Because May’s fairness endangers her kin (“white folks / especially hated / to mistake a colored child / for one of they own”), their mother stains May’s skin with tea. A crisis arrives when mother and daughters find swans and pluck the valuable feathers; May flees with the latter to make hats in Baltimore. There she marries a white man and controls her fertility in fear that Blackness will tell in her offspring. Her sister and mother, meanwhile, are jailed until their mother is punished by death. Bell lives on near Okefenokee, finding beauty in the “round black-dark face of the sky” and raising children of her own.  

At least, this is what I glean. Compelled by their characters and Castellano’s vivid language, I ended up sketching a timeline for what the sequence reveals in lyric glimpses. This hybrid-genre project is so riveting I wished for more—“Feathers” has the emotional weight, if not the length, of a full book—but, in an indirect way, the rest of All Is the Telling continues the sisters’ tale, dramatizing how narrative reverberates.
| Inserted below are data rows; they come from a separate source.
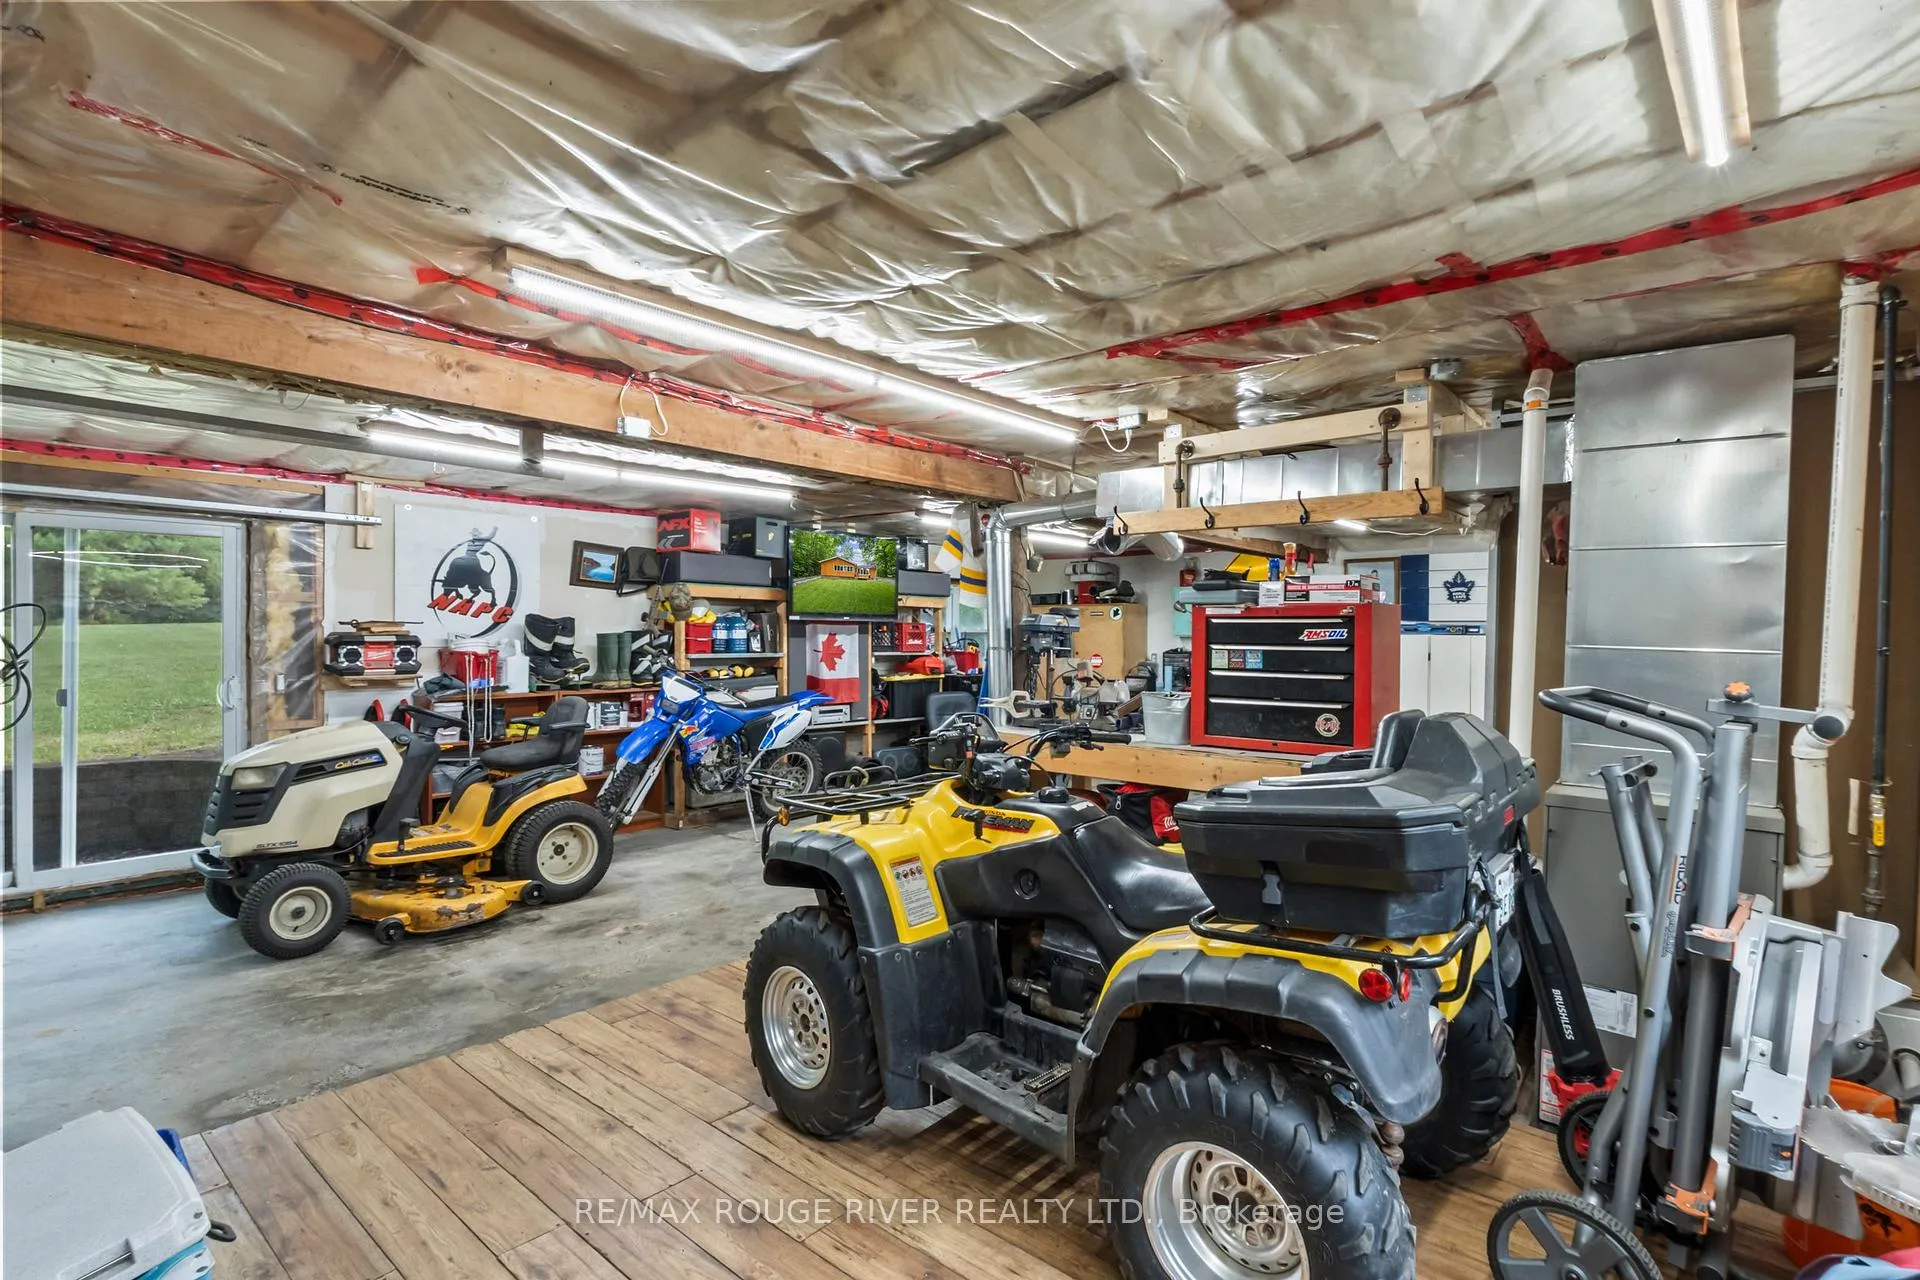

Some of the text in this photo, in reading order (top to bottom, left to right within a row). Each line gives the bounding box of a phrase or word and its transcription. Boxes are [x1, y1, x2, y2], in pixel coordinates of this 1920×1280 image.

[427, 593, 513, 623] NAPC
[1303, 630, 1346, 639] AMSOIL
[951, 806, 1035, 829] FEMAN
[1552, 988, 1575, 1040] BRUSHLESS
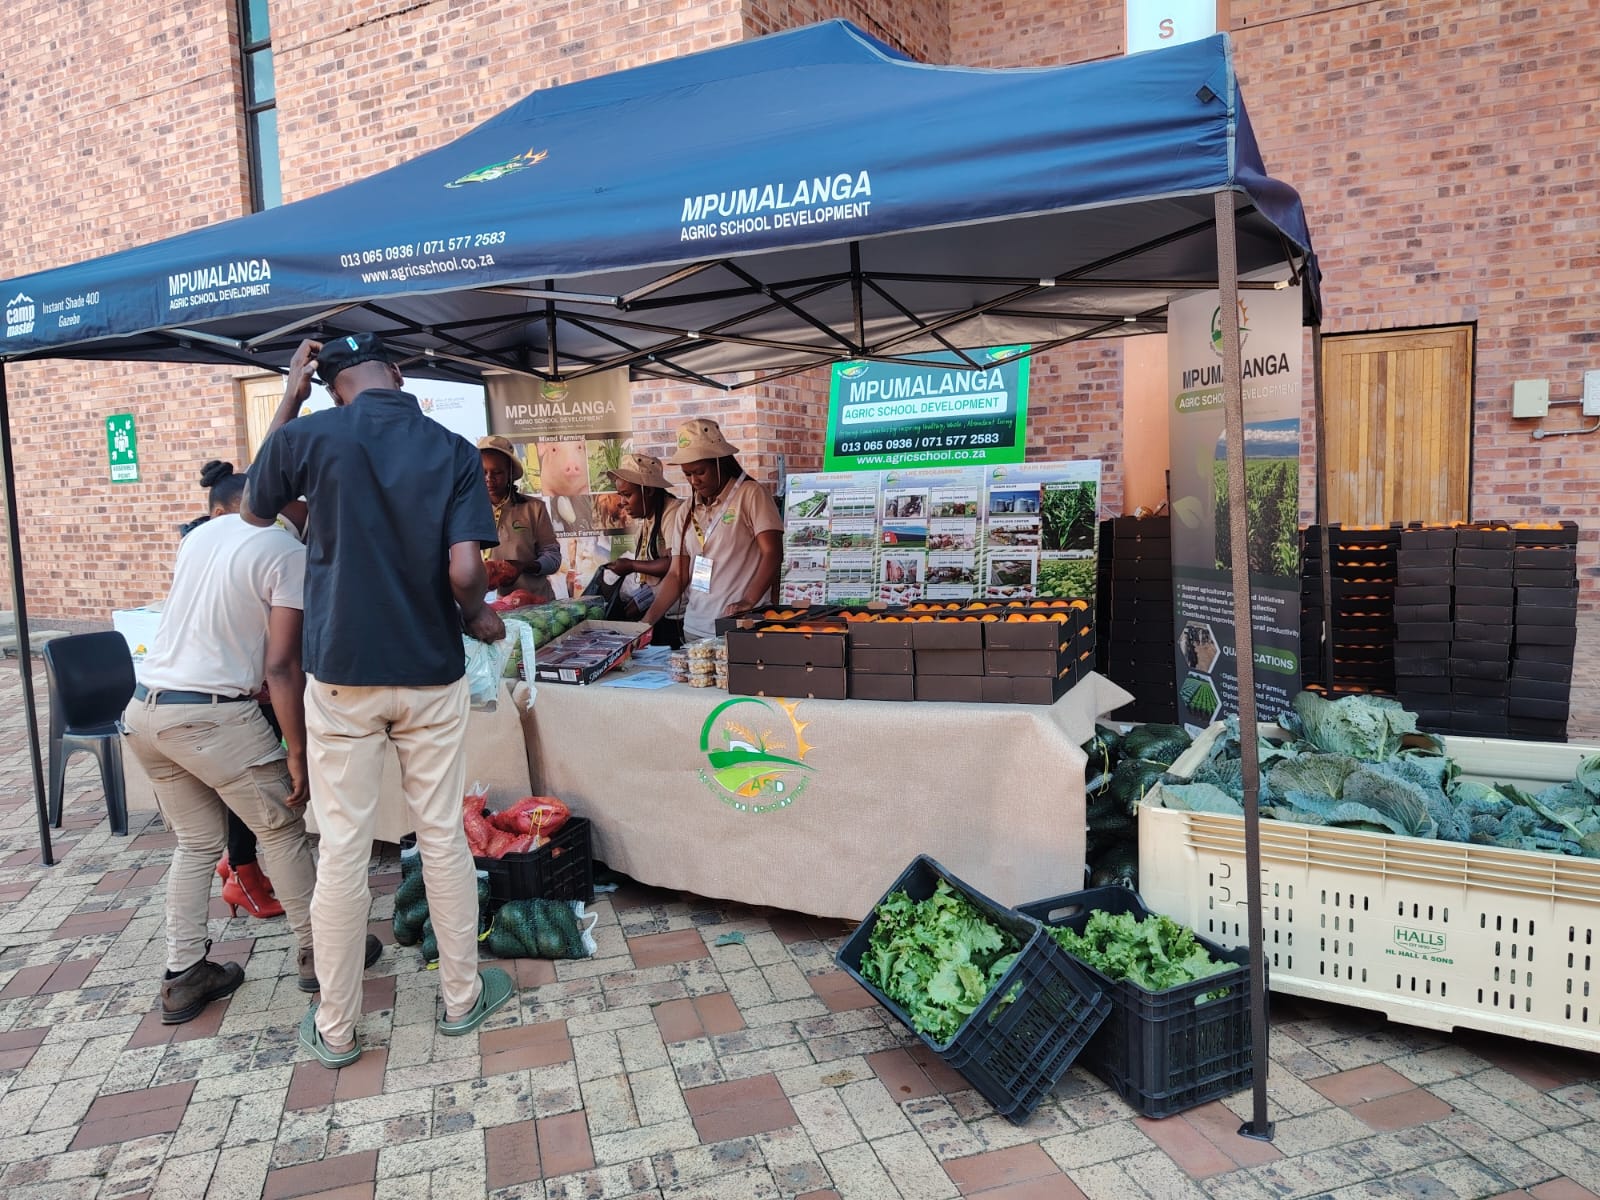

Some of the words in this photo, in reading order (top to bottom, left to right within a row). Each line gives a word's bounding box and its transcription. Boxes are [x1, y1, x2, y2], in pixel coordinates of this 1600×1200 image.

“Feathers Enough to Fly” resonates particularly with Castellano’s intermittent series about attending a family reunion at a Florida beach. The speaker rescues her child from a wave even as an Auntie chides him “in a voice bleak as gull-speak: / Aren’t you too old to be calling for your mother?” “Never again     this meanness,” is the poem’s answer. The next entry in the series, “Noon / Family Reunion (a haibun),” uses the prose-poetry tension latent in the form to crystallize the whole book’s aboutness:

Above us, papery palms rub together in the breeze, their brown fronds scratch a soundtrack uneasy as those moments pressing play on the family histories that weigh us down, keep us trapped and those

like my child’s sun
warmed shoulders which ask only
to be held.

In powerhouse after powerhouse poem, Castellano holds space for clashing feelings: anger, awe, grief, yearning, tenderness. She also expresses creative ambition, testing through structural variety what poetry can contain. This is, in short, a book with wings.

Lesley Wheeler, poetry editor of Shenandoah, is the author of six poetry collections, including Mycocosmic and The State She’s In. Her other books include the hybrid memoir Poetry’s Possible Worlds and the novel Unbecoming. Her poems and essays have appeared in Poets & Writers, Pleiades, Poetry, Ecotone, and Massachusetts Review.